Im steinernen Herzen

Lyrischer Prosatext

von  Redux

Aus dem Hellen und Lauten

trete ich ein, in das Stille

und Dunkle.

Die Kirche umgibt mich

wie ein steinernes Herz.

Ich kann an diese Geschichte nicht glauben.

Aber hier muss ich mich bekennen.

Meine Schuld, meine Schwächen, meinen Dank,

dass ich so viel Glück hatte

in all dem Pech.

Die Mauern sind so dick wie die Welt,

der Stein schützt mich für einige Minuten

vor der Welt und vor mir selbst, der Erinnerung

und dem Ungewissen, das draußen

wittert und kauert wie ein Tier.

Es schützt mich auch vor meinem Gewissen.

Und doch liegt es hier blank wie ein Säugling.

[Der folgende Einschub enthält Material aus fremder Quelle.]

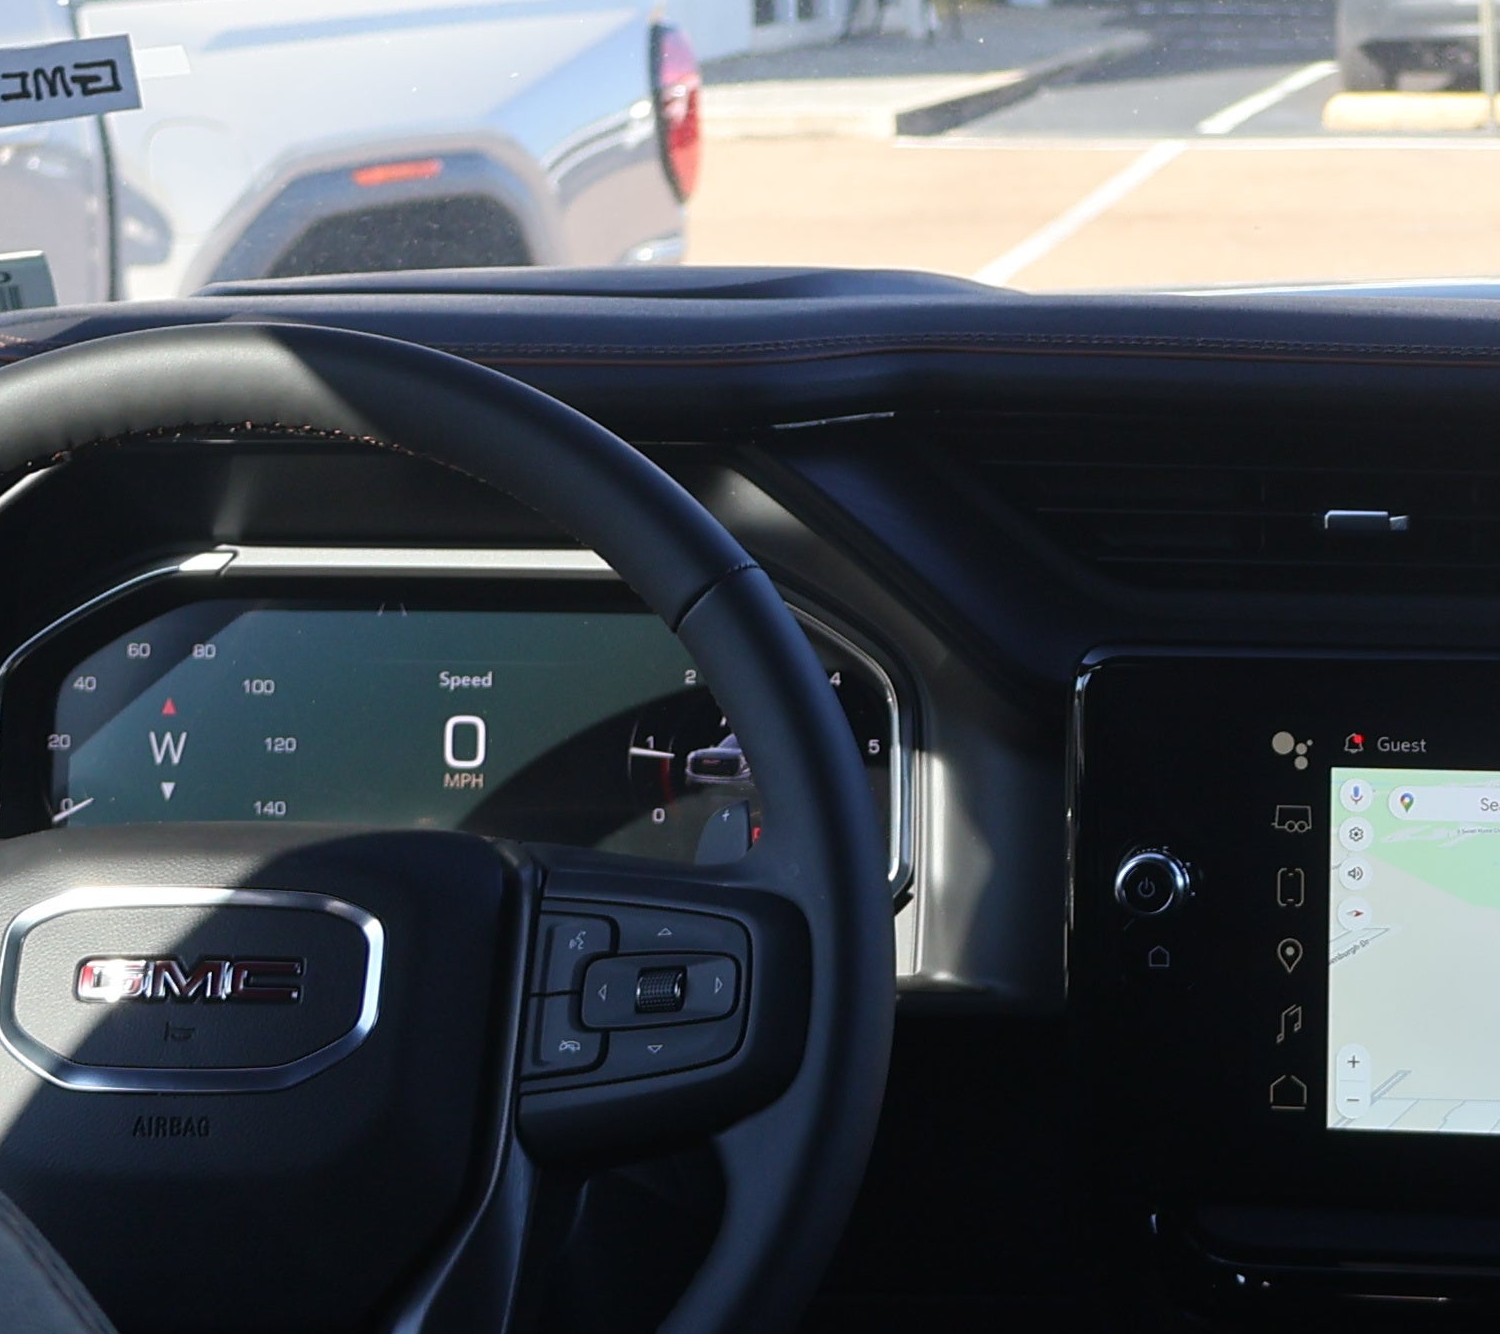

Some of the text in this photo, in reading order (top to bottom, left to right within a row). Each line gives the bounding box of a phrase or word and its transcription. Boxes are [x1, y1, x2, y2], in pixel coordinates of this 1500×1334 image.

[126, 642, 151, 659] 60
[192, 643, 217, 659] 80
[72, 675, 97, 691] 40
[438, 670, 493, 692] Speed
[684, 669, 697, 685] 2
[829, 671, 842, 687] 4
[241, 678, 276, 695] 100
[47, 733, 72, 749] 20
[148, 730, 188, 765] W
[263, 737, 298, 753] 120
[443, 714, 487, 769] 0
[868, 738, 880, 754] 5
[1376, 735, 1428, 753] Guest
[443, 772, 484, 789] MPH
[252, 800, 287, 816] 140
[651, 807, 666, 823] 0
[78, 957, 304, 1003] GMC
[132, 1114, 210, 1139] AIRBAG

Die Mauern schützen mich für den Moment

vor der Stadt, dem Verkehr, den Gesprächen,

dem Bettler in der Fußgängerzone,

dem Grinsen des Lebens,

der erbärmlch zickigen Frauenstimme in der Lidl-Werbung,

dem Unabänderlichen,

vor dem, was ich verlor,

vor dem, was ich nicht ändern kann,

dem unfreundlichen Busfahrer,

der Wut, der Schwäche, der Liebe,

die mich immer wieder lebendig hält.

Hier bin ich Teil der Stille

und sinke hinab in die Stille.

Ich zünde eine Kerze an.

Ein kleines billiges Teelicht.

Beim nächsten Herzschlag erlischt es.

So soll es sein.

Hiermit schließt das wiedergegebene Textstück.